(urth) BSG Spoiler

Craig Brewer cnbrewer at yahoo.com
Mon Mar 23 05:48:31 PDT 2009


On the whole subsistence/survival issue: Can I suggest that we're all thinking in the wrong way about this. I never saw BSG as anything resembling "hard" sf, so the question of the final move's realism is moot to me. (Besides, of course they fail: our own history didn't have some kind of magical leap in new technology from tribal to space-faring. Whatever Baltar "knows about farming" obviously doesn't last.)

Rather, it seems to me that the purpose of "going tribal" was largely metaphorical and suited the general moralizing tone of that final add on: even when they all start over and go native instead of trying to rebuild as they were, they start to create the same patterns they'd made before. So all of Lee's optimism is shown to be seriously questionable in the end. Even the "unsoiled" natives end up creating machines again in the end.

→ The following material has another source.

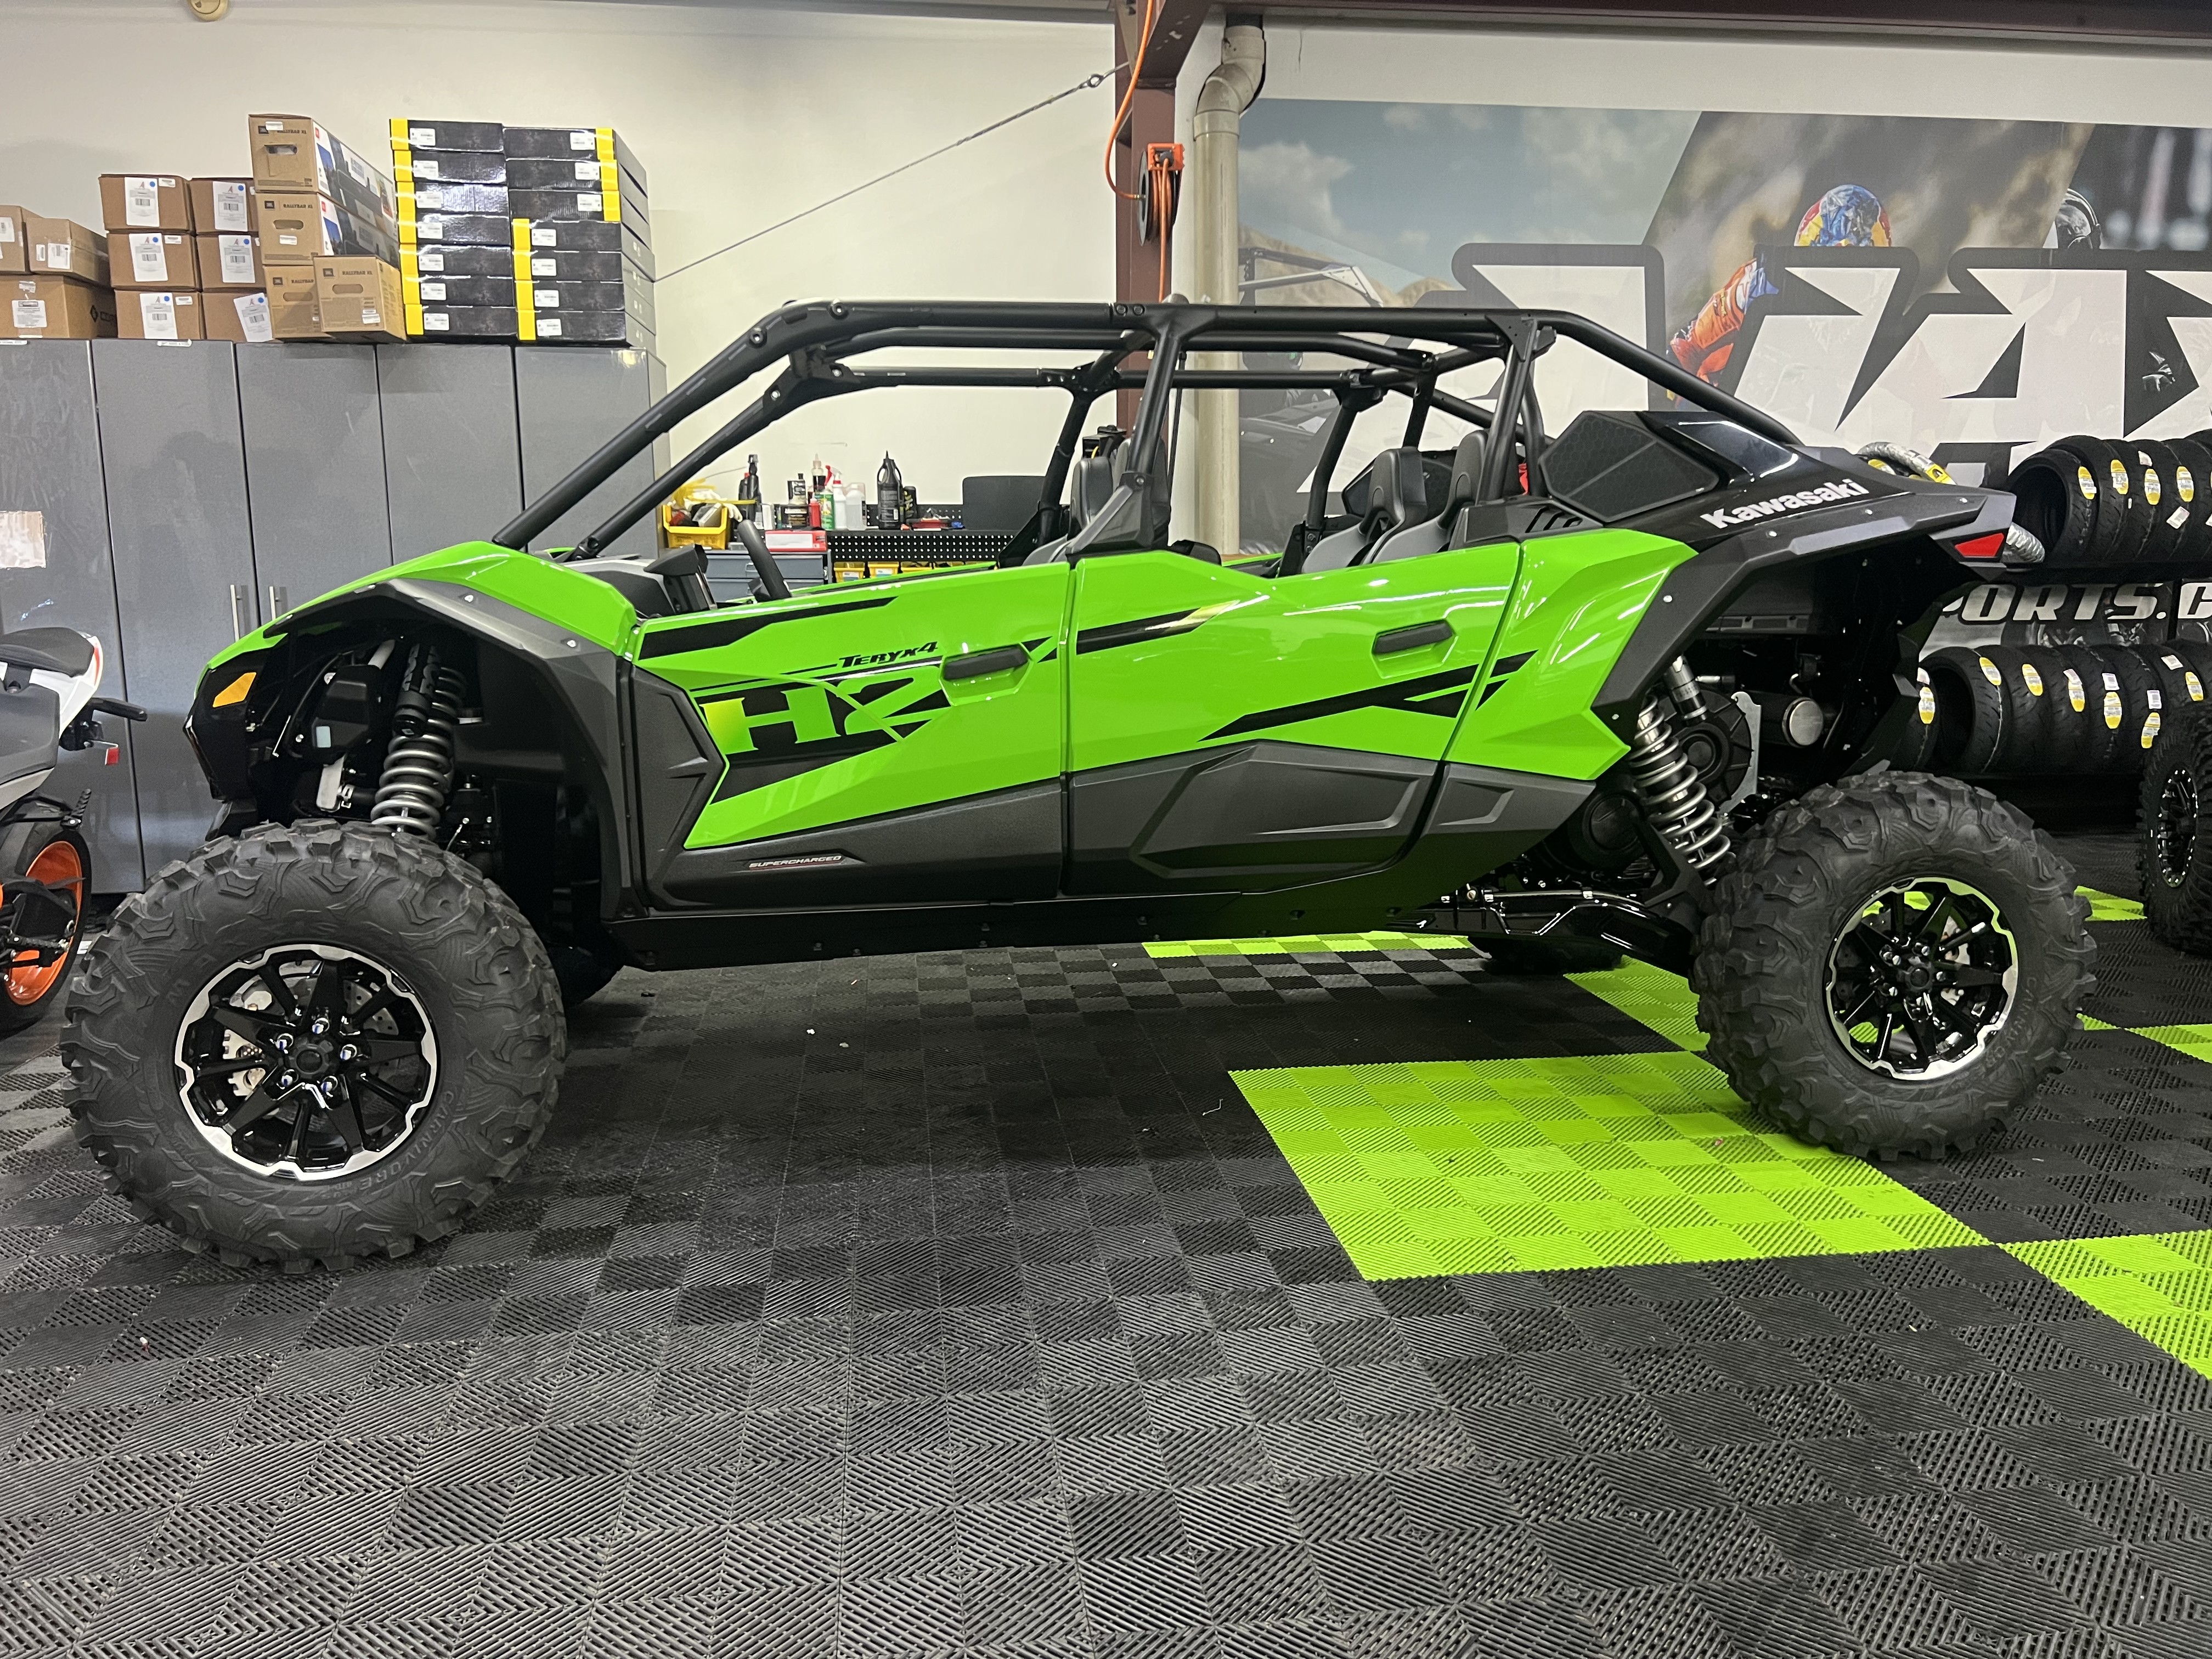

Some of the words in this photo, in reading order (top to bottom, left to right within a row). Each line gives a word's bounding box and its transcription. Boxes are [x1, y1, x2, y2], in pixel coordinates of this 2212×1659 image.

[1700, 478, 1869, 529] Kawasaki
[749, 855, 842, 868] SUPERCHARGED
[358, 1088, 456, 1192] CARNIVORE

The only potential nod to the actual implausibility to me seemed to be when Adama says something about how none of their home worlds had as much wildlife as Earth. So maybe that was to suggest that they were used to a more difficult prospect of farming/hunting? I doubt it, really, but whatever. I just don't feel it necessary to start wondering about the viability of starting a subsistence lifestyle in a story where angels-are-robots-are-angels and dead people come back (and disappear) with no exaplanation and robots-that-look-like-people (and who wear fashionable clothes but live on gritty space rocks) end up mating with people to save both species. <grin>


----- Original Message ----
From: Jeff Wilson <jwilson at io.com>
To: The Urth Mailing List <urth at lists.urth.net>
Sent: Sunday, March 22, 2009 8:19:25 PM
Subject: Re: (urth) BSG Spoiler

James Wynn wrote:
>> I think you underestimate the hardship of a subsistence lifestyle, no matter
>> the fertility of the area you reside in and cultivate.
> 
> Of course they would not last a month as farmers. They would have to beg their way into the indigenous tribes and learn to be hunter gatherers in order to survive. Anyone who wants to understand how impossible it would be for 99.999% of Americans and Western Europeans to go back only 150 years and start a farm in Kansas should read the first couple Laura Engles Wilder books. Those people spent their entire lives learning to subsistence farm and that was with steel plows and tools.

The Ingalls did not have their choice of the entire underpopulated world to settle in.  The Colonials could have settled in places like Hawaii, where living was so easy that historically the white exploiters could not attract native laborers for any length of time.